La muchacha se resignó, e imitando a los que la rodeaban, se puso a hacer el gesto de separar algas y peces. Había allí muchos pececitos, muy curiosos, que rondaban continuamente el rostro y el cuerpo de la muchacha, hasta tocarlos.

Uno o dos grandes peces domésticos o guardianes -raramente tres- se agregaban a la persona de cada Chorreante prestándole menudos servicios, como llevar en la boca diversos objetos, o desembarazarles la espalda de hierbas marinas que se les habían pegado. Acudían a la señal más pequeña, o antes quizá. A veces, su obsequiosidad era molesta. Se percibía. en sus ojos una redonda y simplista admiración que, con todo, daba placer. Y nunca se les vio comer pececillos que, como ellos, estuviesen de servicio.

- ¿Por qué me tiré al agua? -pensaba la recién llegada-. Ignoro hasta si allá arriba fui una mujer o una muchacha. Mi pobre cabeza sólo está ahora poblada de algas y de conchas. Y tengo muchos deseos de decir que esto es muy triste, aunque no sepa ya exactamente qué significa esta palabra.
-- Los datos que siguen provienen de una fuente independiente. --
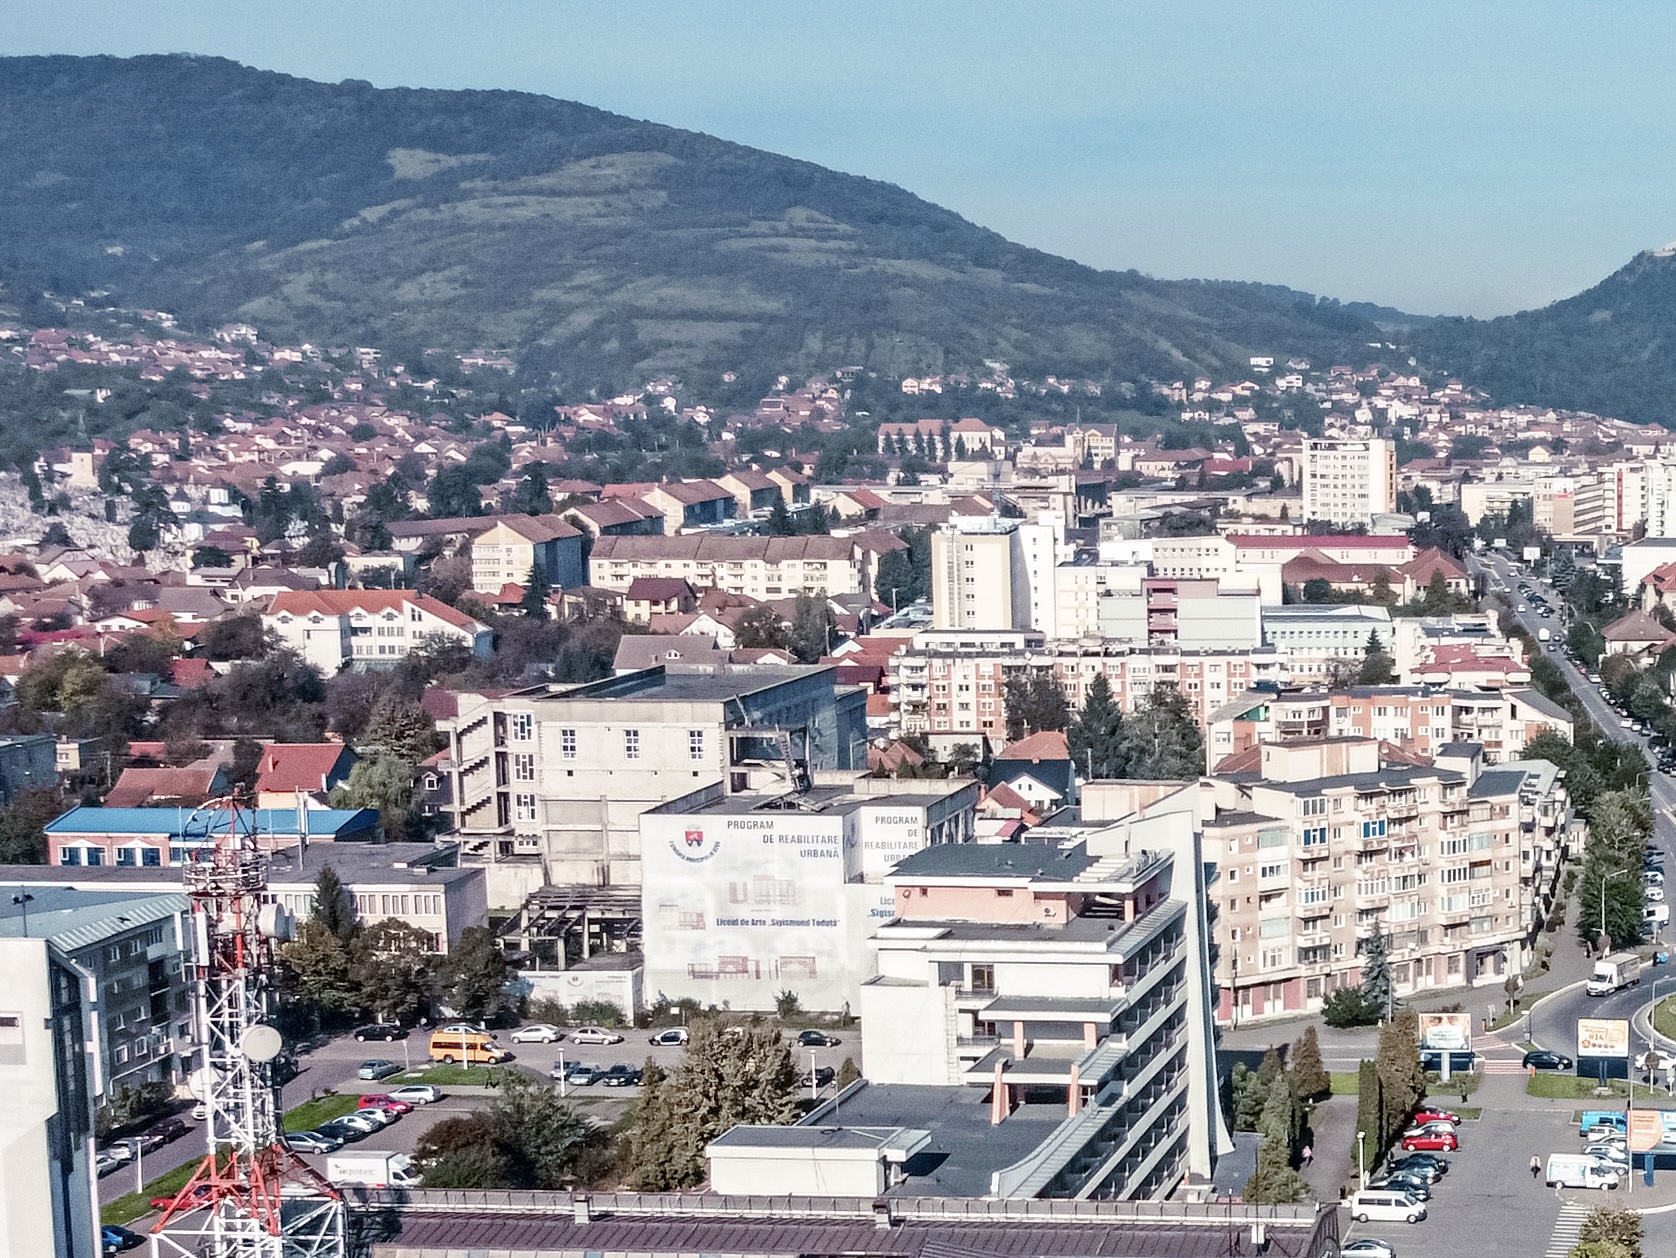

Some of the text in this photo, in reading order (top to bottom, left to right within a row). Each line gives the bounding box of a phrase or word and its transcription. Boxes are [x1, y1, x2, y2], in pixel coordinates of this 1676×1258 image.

[727, 820, 774, 829] PROGRAM
[875, 816, 918, 824] PROGRAM
[908, 829, 918, 837] DE
[763, 834, 839, 844] DE REABILITARE
[864, 841, 919, 850] REABILITARE
[800, 847, 839, 858] URBANĂ
Al verla así, afligida,. se le acercó otra muchacha que había naufragado dos años antes y era conocida por La Natural.

- El permanecer en las profundidades, usted verá - le dijo- cómo le da una gran confianza. Pero hay que dejar a las carnes tiempo para cambiar de forma, para hacerse suficientemente densas para que el cuerpo, así, no retorne a la superficie. No estar aquí para querer comer y beber. Esas niñerías en seguida pasan. Y creo que muy pronto le brotarán de los ojos verdaderas perlas, cuando menos lo piense: ése será el indicio precursor de la aclimatación.

- ¿Qué se hace aquí? -preguntó la Desconocida del Sena al cabo de un momento.

- Mil cosas. Le aseguro que una no se aburre. Se visita el fondo del mar para recoger allí a los solitarios y traerlos aquí, a aumentar el poder de nuestra colonia. ¡Qué emoción cuando se descubre a alguien que se cree condenado a soledad eterna en nuestra gran cárcel de cristal! ¡Cómo titubea y se agarra a las plantas marinas! ¡Cómo se esconde! Por todas partes cree ver tiburones. Y, luego, he aquí que un hombre se le acerca y se lo lleva en brazos -como un enfermero después de la batalla- hacía regiones donde no habrá ya nada que temer.